If people can become ghosts, why can’t animals? That is the pretext for Animal Planet’s new show, The Haunted, which is arguably one of the better paranormal shows on TV right now. It’s casting light on what many consider to be a very real phenomenon: animal ghosts. Is believing your deceased pet still with you a way of a coping, or an actual occurrence? This article from the Pittsburgh Post-Gazette attempts to delve into this issue by consulting psychiatrists, physics, and religious officials.
Matters of the mind
Dr. Mark D. Miller, an associate professor of psychiatry at UPMC’s Western Psychiatric Institute and Clinic, said his profession generally views reports of pet spirit encounters as nonpathological, grief-related hallucinations.
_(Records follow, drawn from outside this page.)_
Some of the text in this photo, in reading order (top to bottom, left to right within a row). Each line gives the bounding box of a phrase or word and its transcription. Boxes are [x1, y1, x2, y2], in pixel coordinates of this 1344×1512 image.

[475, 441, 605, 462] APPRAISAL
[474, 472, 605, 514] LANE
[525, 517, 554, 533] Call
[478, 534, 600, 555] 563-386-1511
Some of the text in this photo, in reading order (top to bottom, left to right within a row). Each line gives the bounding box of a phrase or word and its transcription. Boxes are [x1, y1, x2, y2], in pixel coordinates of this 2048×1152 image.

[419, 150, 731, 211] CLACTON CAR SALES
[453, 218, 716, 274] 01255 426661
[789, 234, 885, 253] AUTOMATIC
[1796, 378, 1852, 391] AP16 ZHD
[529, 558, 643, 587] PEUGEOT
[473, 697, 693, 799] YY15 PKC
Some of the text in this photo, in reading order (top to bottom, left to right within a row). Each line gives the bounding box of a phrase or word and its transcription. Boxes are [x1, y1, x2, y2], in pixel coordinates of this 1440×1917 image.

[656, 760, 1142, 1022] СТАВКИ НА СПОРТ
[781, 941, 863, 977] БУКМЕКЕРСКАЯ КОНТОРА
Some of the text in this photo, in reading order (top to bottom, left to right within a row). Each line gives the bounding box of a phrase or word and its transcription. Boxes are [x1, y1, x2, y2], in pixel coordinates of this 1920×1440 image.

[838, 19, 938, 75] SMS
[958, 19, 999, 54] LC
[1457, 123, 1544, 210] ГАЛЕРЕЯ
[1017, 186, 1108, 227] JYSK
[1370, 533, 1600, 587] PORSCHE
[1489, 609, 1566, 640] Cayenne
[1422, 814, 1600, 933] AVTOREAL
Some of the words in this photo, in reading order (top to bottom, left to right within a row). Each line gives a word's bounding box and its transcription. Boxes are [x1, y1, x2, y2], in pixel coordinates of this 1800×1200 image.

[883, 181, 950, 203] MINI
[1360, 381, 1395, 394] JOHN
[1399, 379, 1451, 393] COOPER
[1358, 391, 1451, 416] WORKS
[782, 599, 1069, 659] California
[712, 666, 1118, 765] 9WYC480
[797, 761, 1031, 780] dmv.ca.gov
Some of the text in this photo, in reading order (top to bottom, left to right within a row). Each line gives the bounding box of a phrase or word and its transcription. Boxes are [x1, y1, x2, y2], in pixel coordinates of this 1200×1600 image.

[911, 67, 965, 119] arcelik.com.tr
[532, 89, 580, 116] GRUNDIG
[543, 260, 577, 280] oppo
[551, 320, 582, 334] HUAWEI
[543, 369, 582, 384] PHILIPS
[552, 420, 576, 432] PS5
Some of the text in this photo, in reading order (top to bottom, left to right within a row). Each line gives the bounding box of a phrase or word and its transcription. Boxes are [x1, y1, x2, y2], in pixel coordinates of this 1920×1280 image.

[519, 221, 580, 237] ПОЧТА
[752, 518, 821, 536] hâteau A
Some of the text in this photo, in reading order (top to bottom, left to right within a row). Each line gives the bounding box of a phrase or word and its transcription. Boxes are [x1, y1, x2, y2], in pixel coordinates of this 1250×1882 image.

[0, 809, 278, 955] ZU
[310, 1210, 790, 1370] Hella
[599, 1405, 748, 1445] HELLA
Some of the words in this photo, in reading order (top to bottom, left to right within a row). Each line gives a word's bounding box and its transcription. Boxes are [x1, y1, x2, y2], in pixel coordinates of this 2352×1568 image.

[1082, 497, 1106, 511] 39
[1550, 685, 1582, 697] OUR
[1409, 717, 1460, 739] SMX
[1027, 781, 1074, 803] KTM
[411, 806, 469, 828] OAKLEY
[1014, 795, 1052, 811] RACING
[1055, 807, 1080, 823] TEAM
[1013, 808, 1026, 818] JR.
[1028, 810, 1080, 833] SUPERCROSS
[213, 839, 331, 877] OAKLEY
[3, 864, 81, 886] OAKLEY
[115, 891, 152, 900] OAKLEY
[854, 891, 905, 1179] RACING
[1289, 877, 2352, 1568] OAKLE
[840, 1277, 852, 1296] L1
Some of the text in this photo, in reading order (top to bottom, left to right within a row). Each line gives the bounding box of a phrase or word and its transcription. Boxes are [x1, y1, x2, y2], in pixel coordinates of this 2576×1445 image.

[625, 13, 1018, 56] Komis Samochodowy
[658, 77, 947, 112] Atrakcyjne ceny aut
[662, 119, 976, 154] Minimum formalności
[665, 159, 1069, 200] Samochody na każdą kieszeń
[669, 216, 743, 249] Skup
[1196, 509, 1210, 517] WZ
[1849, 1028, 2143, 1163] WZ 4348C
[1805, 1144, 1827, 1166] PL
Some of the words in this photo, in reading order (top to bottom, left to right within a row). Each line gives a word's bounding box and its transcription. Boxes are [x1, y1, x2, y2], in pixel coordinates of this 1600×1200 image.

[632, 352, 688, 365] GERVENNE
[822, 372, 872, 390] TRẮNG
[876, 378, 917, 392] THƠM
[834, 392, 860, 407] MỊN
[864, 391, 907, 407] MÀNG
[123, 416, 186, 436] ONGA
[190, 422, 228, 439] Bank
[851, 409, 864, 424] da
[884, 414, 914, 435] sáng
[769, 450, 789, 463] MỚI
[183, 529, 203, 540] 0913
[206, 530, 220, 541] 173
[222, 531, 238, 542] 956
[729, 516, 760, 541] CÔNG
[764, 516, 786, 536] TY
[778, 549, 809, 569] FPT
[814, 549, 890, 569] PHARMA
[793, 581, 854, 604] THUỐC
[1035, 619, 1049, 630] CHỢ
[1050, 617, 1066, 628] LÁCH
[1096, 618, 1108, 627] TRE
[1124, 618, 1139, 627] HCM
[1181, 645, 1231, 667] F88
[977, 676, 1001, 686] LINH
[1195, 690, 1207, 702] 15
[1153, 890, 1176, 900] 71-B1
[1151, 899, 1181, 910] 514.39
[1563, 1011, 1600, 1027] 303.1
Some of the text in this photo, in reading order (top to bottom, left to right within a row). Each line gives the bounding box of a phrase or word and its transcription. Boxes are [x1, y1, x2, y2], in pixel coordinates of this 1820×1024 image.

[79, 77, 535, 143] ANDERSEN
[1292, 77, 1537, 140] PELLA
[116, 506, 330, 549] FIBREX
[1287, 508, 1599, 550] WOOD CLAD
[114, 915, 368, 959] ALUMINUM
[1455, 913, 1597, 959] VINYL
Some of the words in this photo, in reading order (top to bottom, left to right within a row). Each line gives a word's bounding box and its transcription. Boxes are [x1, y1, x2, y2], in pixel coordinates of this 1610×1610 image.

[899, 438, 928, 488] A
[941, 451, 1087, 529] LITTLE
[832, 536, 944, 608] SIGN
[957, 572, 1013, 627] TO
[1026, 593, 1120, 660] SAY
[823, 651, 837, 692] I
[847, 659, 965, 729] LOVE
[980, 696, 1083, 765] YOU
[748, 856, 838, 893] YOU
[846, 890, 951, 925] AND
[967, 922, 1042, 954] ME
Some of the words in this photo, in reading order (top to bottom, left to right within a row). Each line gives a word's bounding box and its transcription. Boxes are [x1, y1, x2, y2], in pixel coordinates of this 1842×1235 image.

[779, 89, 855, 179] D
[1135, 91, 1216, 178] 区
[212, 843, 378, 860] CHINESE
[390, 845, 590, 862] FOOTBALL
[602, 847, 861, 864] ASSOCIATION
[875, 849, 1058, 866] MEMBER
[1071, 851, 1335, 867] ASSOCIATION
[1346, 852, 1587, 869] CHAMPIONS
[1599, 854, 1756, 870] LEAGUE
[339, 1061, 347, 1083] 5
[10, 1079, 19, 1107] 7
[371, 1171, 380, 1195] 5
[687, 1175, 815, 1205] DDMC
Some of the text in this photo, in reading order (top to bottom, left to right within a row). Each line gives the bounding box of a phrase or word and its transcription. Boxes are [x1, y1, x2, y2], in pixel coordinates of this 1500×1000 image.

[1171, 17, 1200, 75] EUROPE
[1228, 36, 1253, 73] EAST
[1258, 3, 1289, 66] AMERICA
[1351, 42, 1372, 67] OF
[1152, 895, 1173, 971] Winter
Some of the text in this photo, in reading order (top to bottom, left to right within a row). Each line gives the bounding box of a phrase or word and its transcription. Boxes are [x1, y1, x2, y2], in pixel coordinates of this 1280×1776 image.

It’s very common for people to have friendly hallucinations of deceased relatives, he said. About 50 percent to 80 percent have them at least once in the first year after a death.
“It’s on an unconscious level. We really think it’s a phenomenon where the critical thinking part of your brain is suspended, because you want to believe so much that, yes, maybe they are coming back, maybe they aren’t really dead,” he said.
Matters of spirit
Renee Takacs, of Mars, who calls herself an animal communicator, said a pet spirit can feel its owner’s grief after its death, and can come back to ease their owner’s pain. It doesn’t return because it misses its owner, she said.
“In my experience, when an animal crosses over into spirit, there’s usually such a sense of relief and freedom that only love exists then,” she said. “They will come back from the spirit realm to visit their person because of the loving connection, not because of a lower vibrational emotion like sadness.”
Matters of faith
It’s a complicated subject that’s not at the forefront of religious discussions, said the Rev. Kimberly A. Rapczak, one of several local clergy who host pet remembrance services at Animal Friends, the no-kill shelter in Ohio Township.
There are people who would believe in the existence of animal souls and their survival beyond death, but not all of those people would believe that an animal’s spirit could come back to visit, she said.
For example, Joe Hirsch, chairman of the Hearts and Paws Ministry at Christ United Methodist Church in Bethel Park, said he believes animals have souls, but he doesn’t believe in the paranormal. In his view, a belief in pet spirits comes from grief and a memory connection.
He said he thinks about his recently deceased cat, Miracle, all the time. It’s a fresh wound, and sometimes at night, he reaches out next to his pillow to pet her. “That’s not a paranormal experience. It’s just my looking for what is missing, similar to people who lose a limb and still feel it’s there, that kind of thing.”
Undoubtedly losing a pet can be a very traumatic experience for any loving pet owner. In this type of case, I think whatever the individual person wants to believe is going to be what’s true for them. There are few things in life that can get in the way of a person and their pet.